Southampton (United States) (AFP) - It's been 14 years since Shinnecock Hills became the symbol of the grinding challenge of the US Open Golf Championship.
Justin Rose was not a fan -- and he wasn't even around for the brutal weekend conditions that by Sunday of that year rendered some holes virtually unplayable.
The Englishman, who missed the cut in 2004 "didn't have the fondest memories of the place".
But all that's changed now as Rose and his rivals prepare to tee off on Thursday in the 118th US Open on a longer, wider, generally more generous Shinnecock.
"Obviously, there's a lot of severe places where the run-offs take the ball a long way away from the pin, but I think there's room to play it, which I think is going to be fun for everybody this week," Rose said.
Rose became the first Englishman to win the US Open in 43 years when he lifted the trophy at Merion in 2013.
The world number three is one of five players who could topple Dustin Johnson from atop the rankings at the second major of the year.
Rory McIlroy, the 2011 US Open winner, is also in that group.
McIlroy, too, thinks Shinnecock will provide the searching test that US Golf Association officials desire, without teetering into what Phil Mickelson called "carnival golf".
Wider fairways, rebuilt greens and new tees have added length and openness to the course -- all with an eye toward the original intentions of architect William Flynn.
USGA chief executive Mike Davis said the fairways had been even wider, but officials last year decided to narrow some of them -- a move widely seen as a response to Brooks Koepka's 16-under par winning total at Erin Hills.
"We tried to do it being very respectful to the original William Flynn intent and angles and keeping bunkers in play," Davis said.
- Total control -
"Honestly, I think they've got it right," McIlroy said. "It presents guys with options off the tee.

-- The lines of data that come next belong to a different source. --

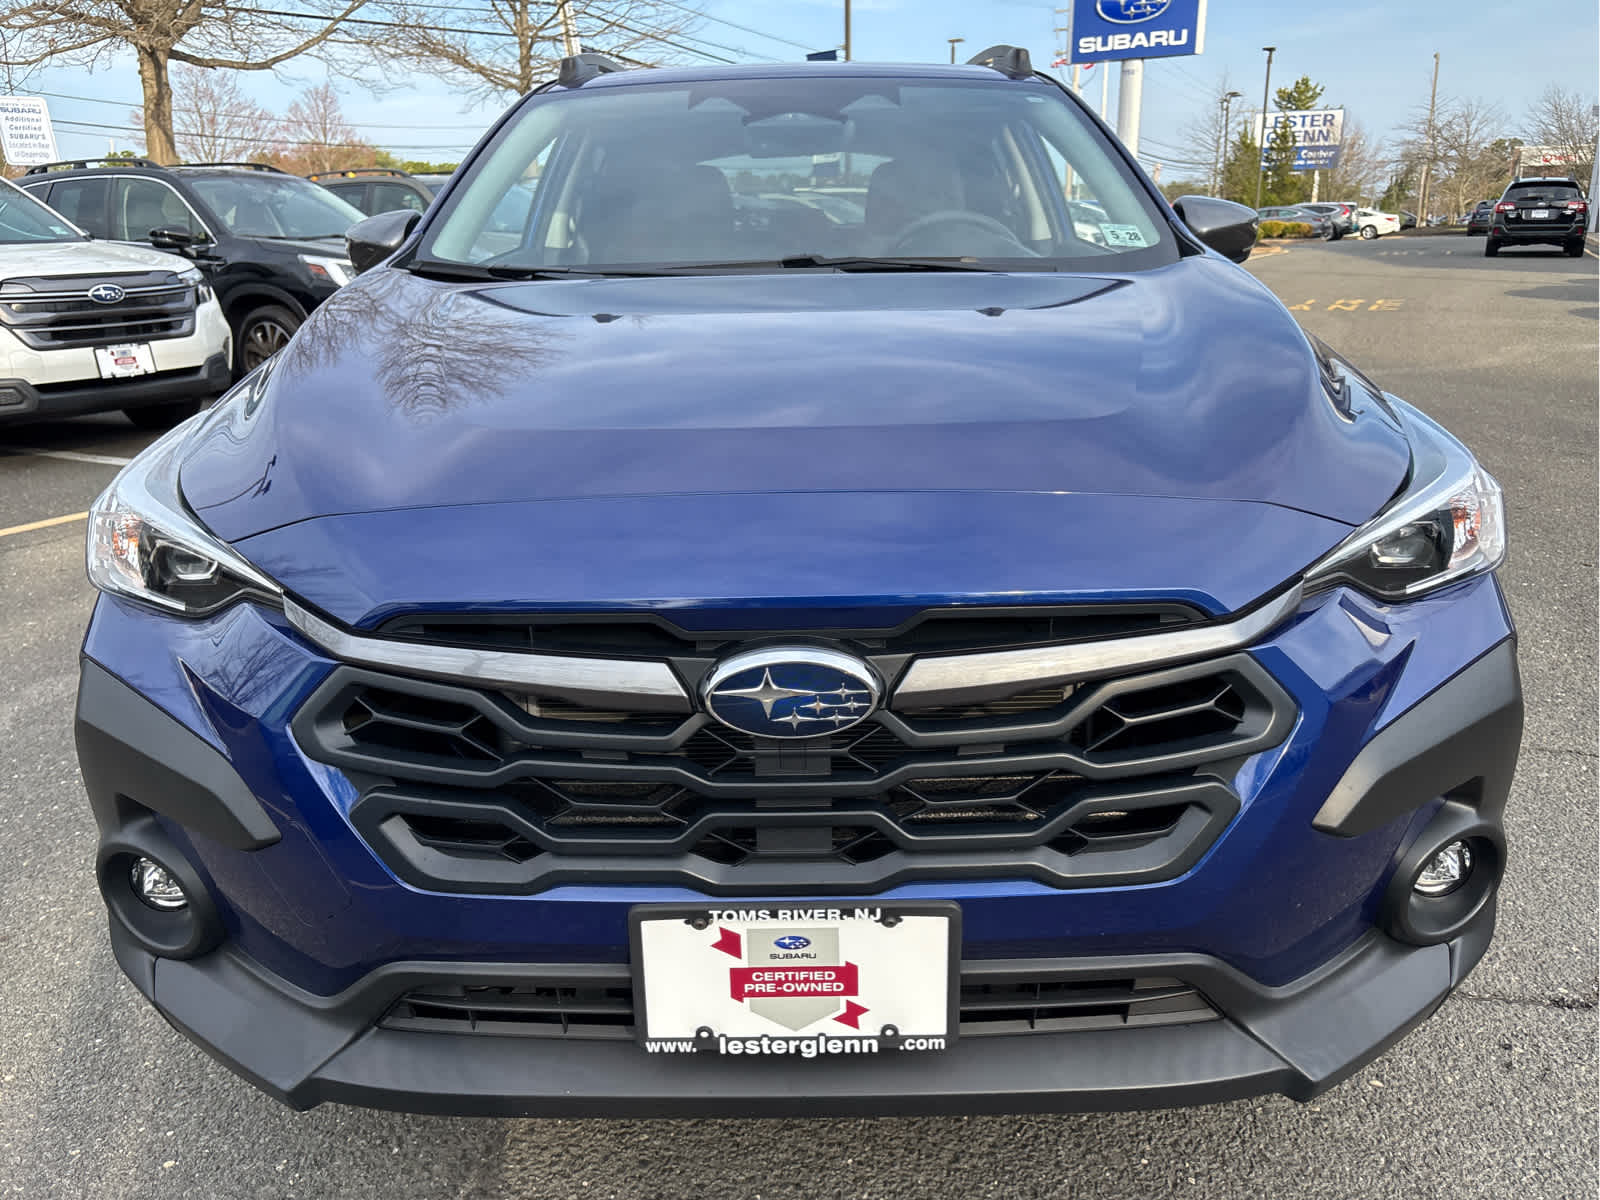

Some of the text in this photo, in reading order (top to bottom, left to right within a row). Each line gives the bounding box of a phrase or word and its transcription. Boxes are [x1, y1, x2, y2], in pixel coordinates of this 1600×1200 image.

[1078, 29, 1188, 53] SUBARU
[1266, 129, 1330, 144] GENN
[1110, 230, 1141, 241] 5 28
[708, 910, 770, 922] TOMS
[854, 908, 882, 922] NJ
[769, 952, 817, 960] SUBARU
[751, 970, 836, 981] CERTIFIED
[744, 982, 845, 992] PRE-OWNED
[645, 1034, 946, 1059] www. lesterglenn .com

You have to make a decision basically on every tee box what you're going to do.
"Obviously, it's generous off the tees for the most part, but if you miss the fairways, you're going to get punished heavily," McIlroy added, aware of the hip-high fescue waiting to gobble up the most errant shots.
"So it's just about making sure you put your ball in the right place off the tee, and then really just putting your ball in the right place on the greens."
There have also been changes to and around the greens, with closely mown areas around the putting surfaces.
"You have to think about, when you miss, where the ball may bounce and roll to," Davis said. "It certainly gives players more options, whether they want to try to recover with a putter, a bump and run, or a pitch."
For all of its inviting face, Shinnecock will place the usual US Open demands on players, world number two Justin Thomas said.
"At the end of the day, like every US Open, it's going to come down to just total control of your golf ball and minimize the mistakes," Thomas said.